A memorial was held last Tuesday for a Florida A&M student whose death may have been caused by hazing.
Twenty-six-year old drum major, Robert Champion, became ill and died unexpectedly after a football game on Nov. 19. He was found on a bus in Orlando Saturday night after the school’s football team lost the game.
Police said that Champion had been vomiting and complained that he couldn’t breathe on the night he died.
“The investigation indicates that hazing was involved in the events that occurred prior to the 911 call for assistance,” Orange County Sheriff Jerry Demings said last Tuesday. “Any death that occurs as the result of hazing is a third degree felony. Anyone who participates in such events can be criminally charged.”

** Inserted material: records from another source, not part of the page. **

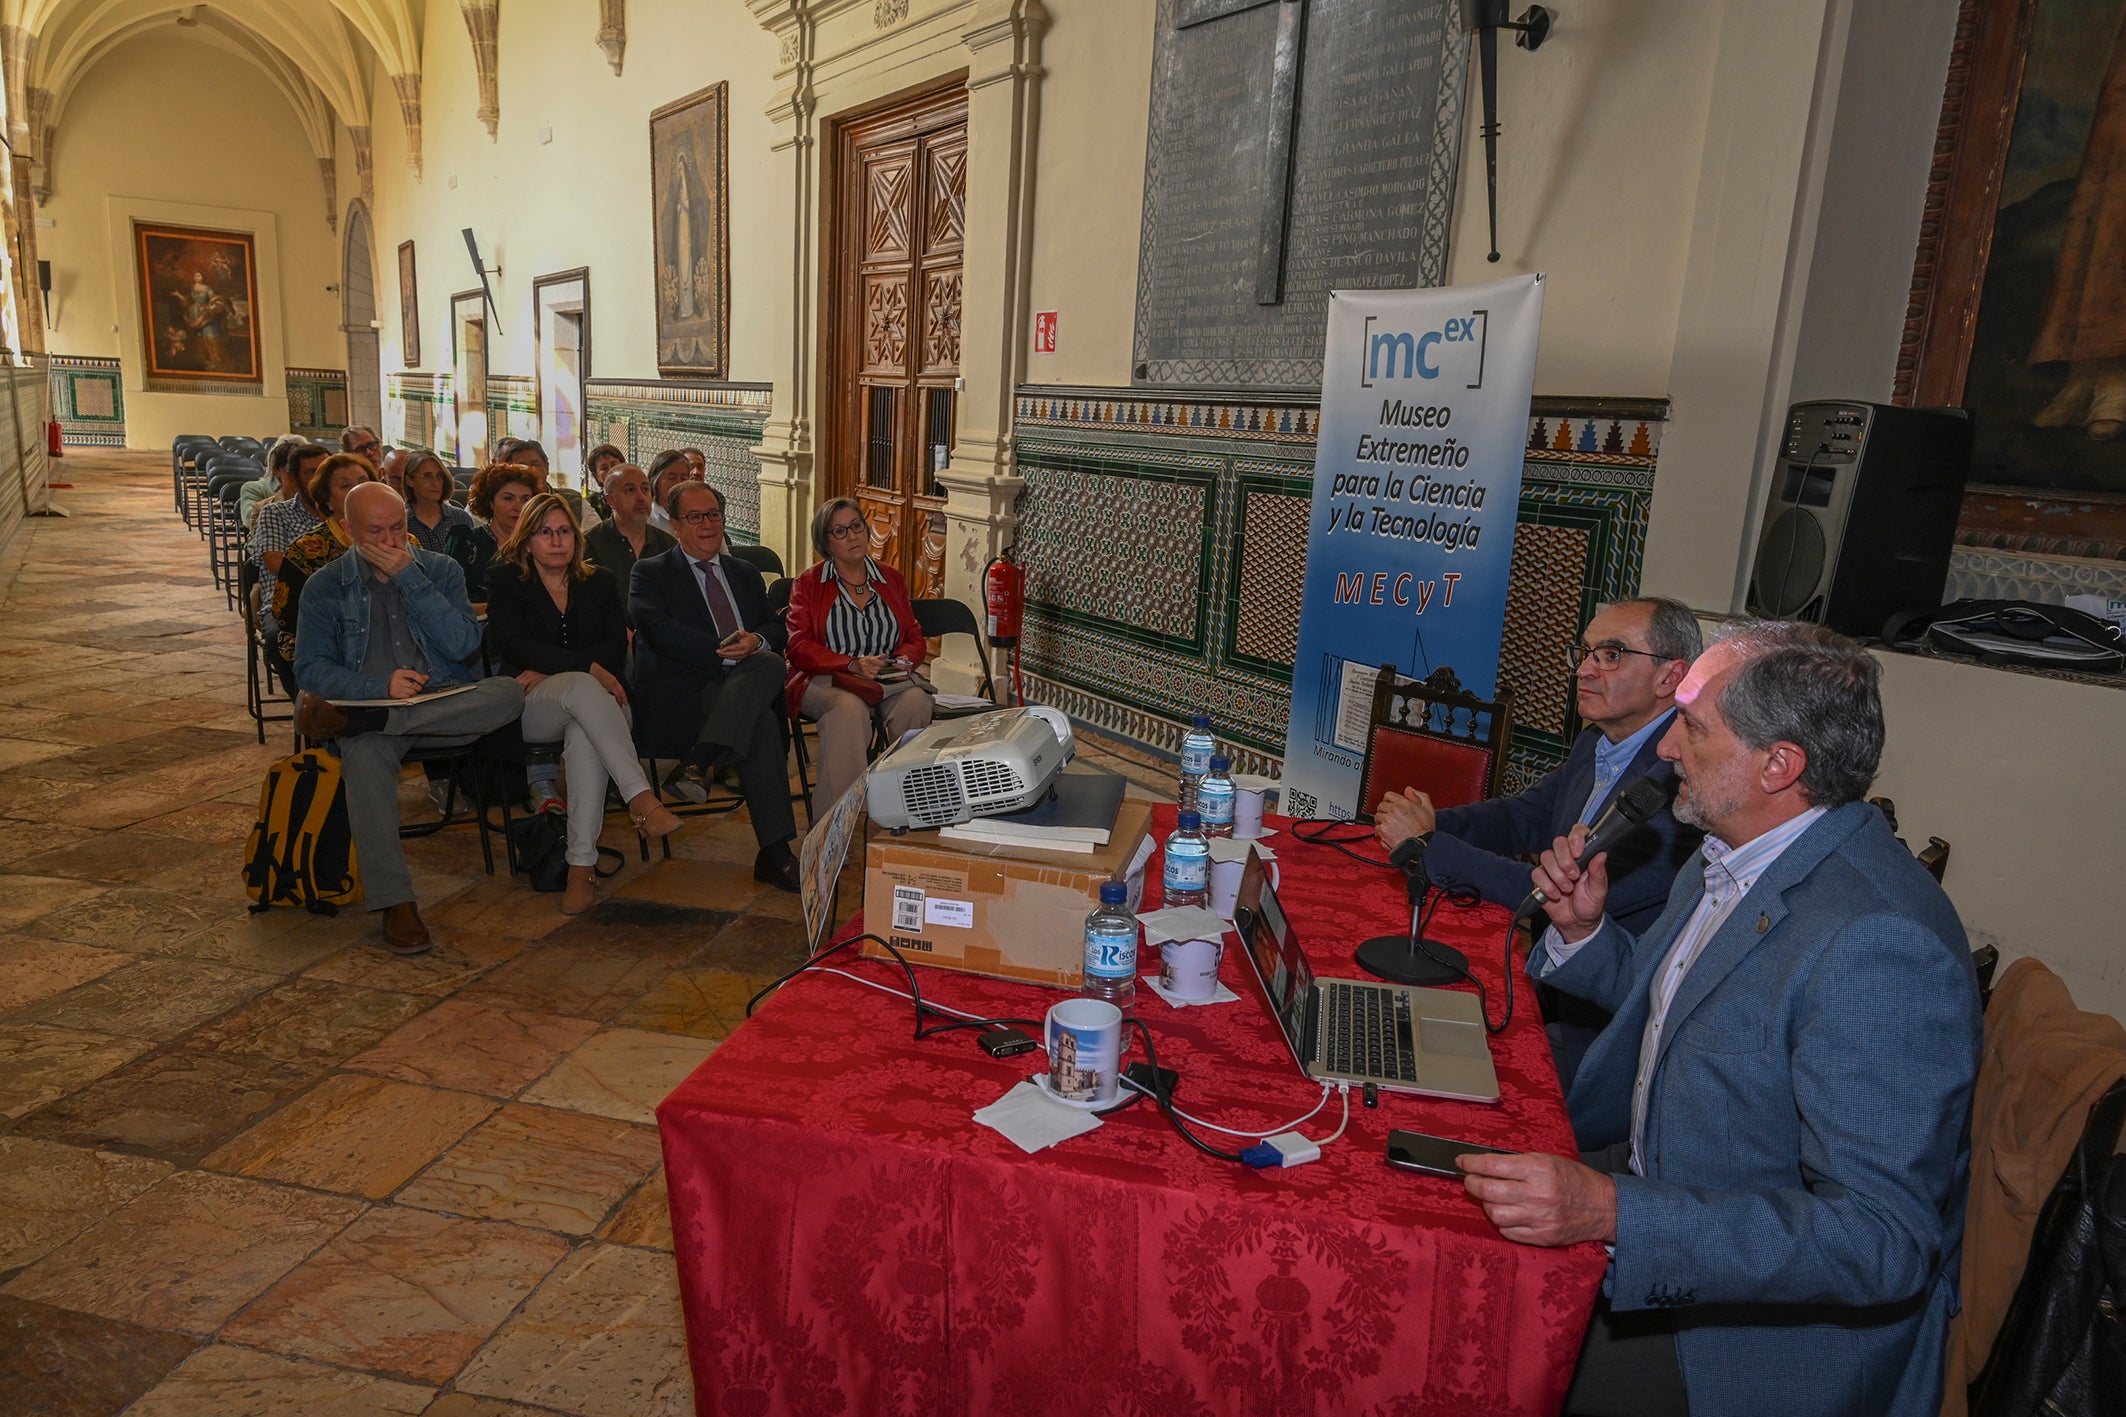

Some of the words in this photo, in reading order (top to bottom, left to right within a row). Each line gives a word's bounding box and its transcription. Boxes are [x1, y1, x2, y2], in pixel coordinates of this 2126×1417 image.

[1332, 207, 1383, 222] CARMONA
[1332, 233, 1355, 244] PINO
[1359, 226, 1417, 242] MANCHADO
[1379, 399, 1451, 429] Museo
[1356, 434, 1470, 471] Extremeño
[1331, 471, 1379, 501] para
[1384, 471, 1402, 501] la
[1408, 474, 1486, 513] Ciencia
[1328, 507, 1343, 535] y
[1344, 502, 1364, 533] la
[1371, 506, 1481, 553] Tecnología
[1313, 744, 1352, 768] Mirando

Champion’s cause of death is still considered inconclusive and further testing will be needed to find the exact cause.
As of now, “any and all performances and engagements for bands and other ensembles under the auspices of the Music Department, including the Marching 100 (are suspended,)” FAMU President James Ammons announced Tuesday.
Meanwhile, tenured band director, Julian White was fired four days after the death of Champion.

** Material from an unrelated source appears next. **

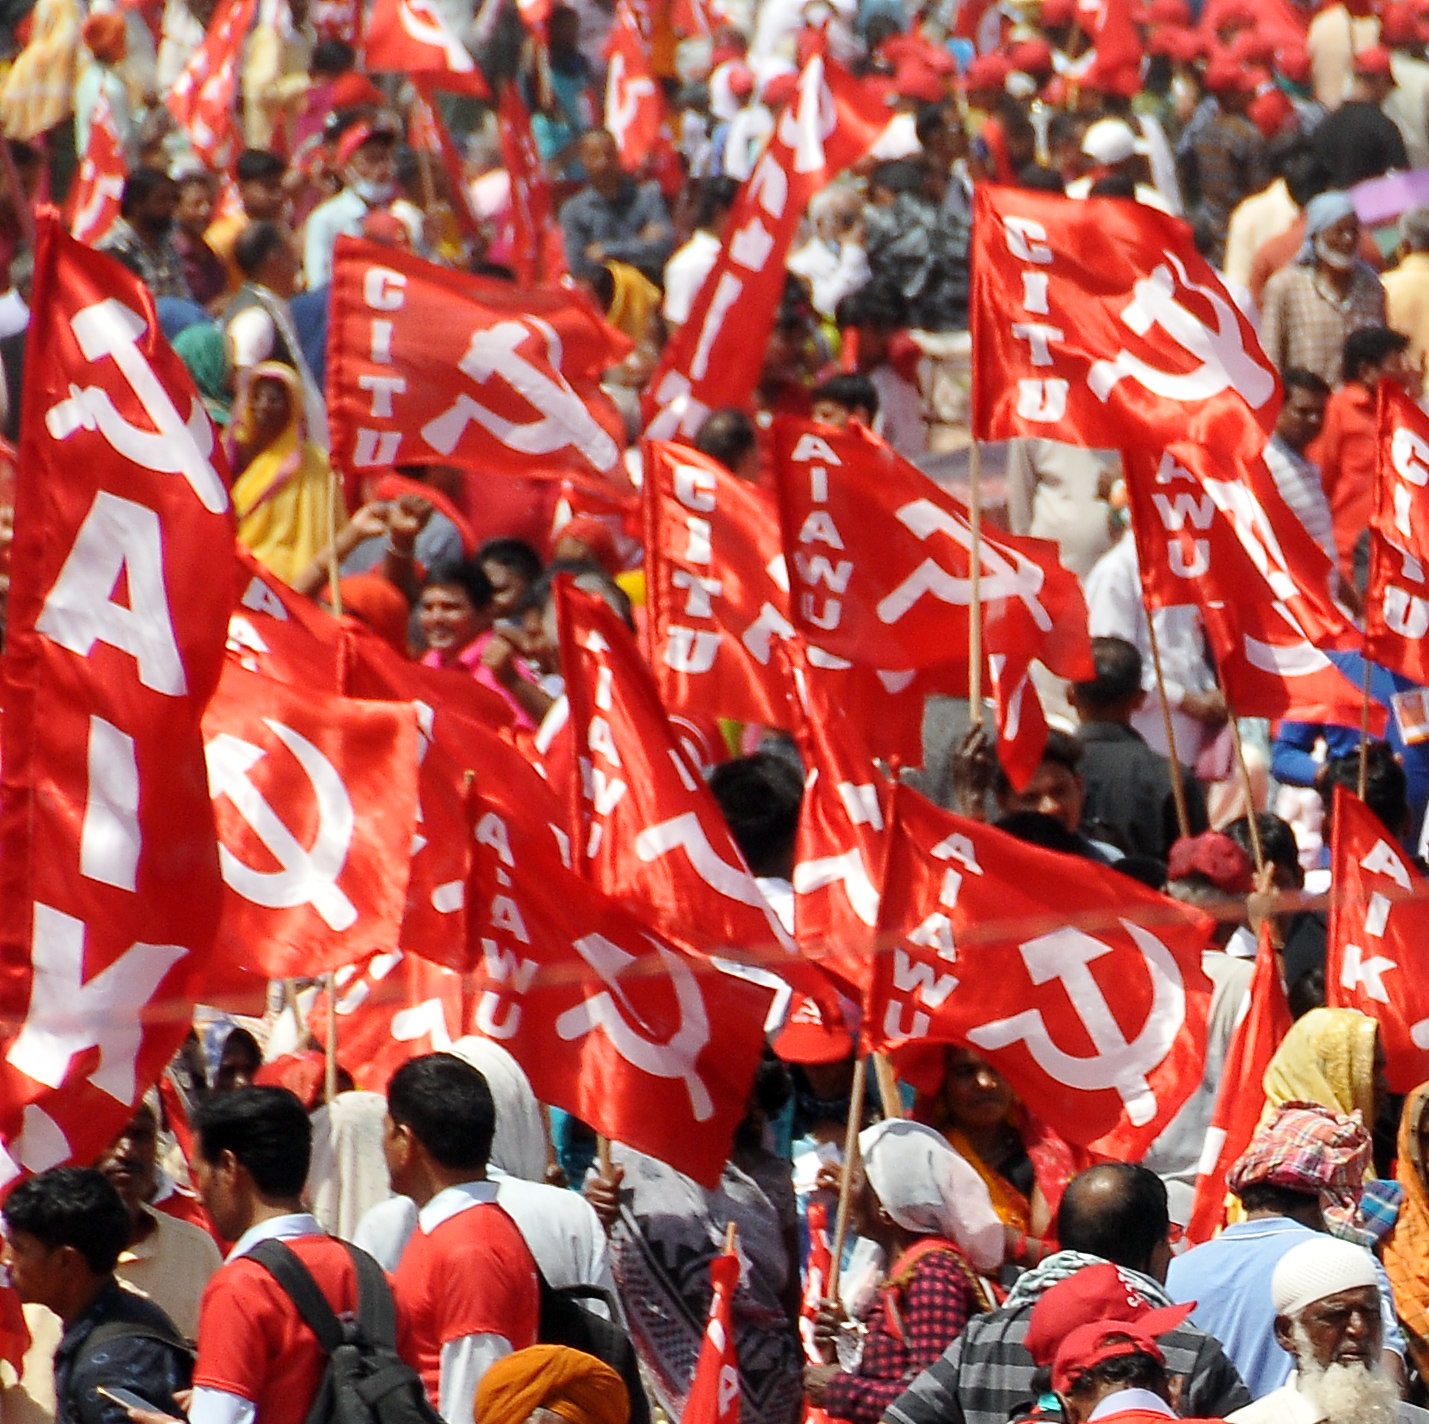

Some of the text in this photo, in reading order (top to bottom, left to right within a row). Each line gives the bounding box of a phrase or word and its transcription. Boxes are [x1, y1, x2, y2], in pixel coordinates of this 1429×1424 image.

“Dr. White has been terminated from employment at the university,” said Ammons, referring to White’s “inability to stop hazing in the department of music and in the band.”
Attorney Christopher Chestnut, representing Champion’s family, said they are filing a lawsuit against the school. Chestnut said the family hopes the lawsuit will create more awareness of the dangers surrounding band hazing.
This isn’t the first time FAMU has had issues with hazing. Back in 2001, former student Marcus Parker sustained serious kidney damage after he was severely beaten with a paddle. Parker won $1.8 million after suing the school in 2004.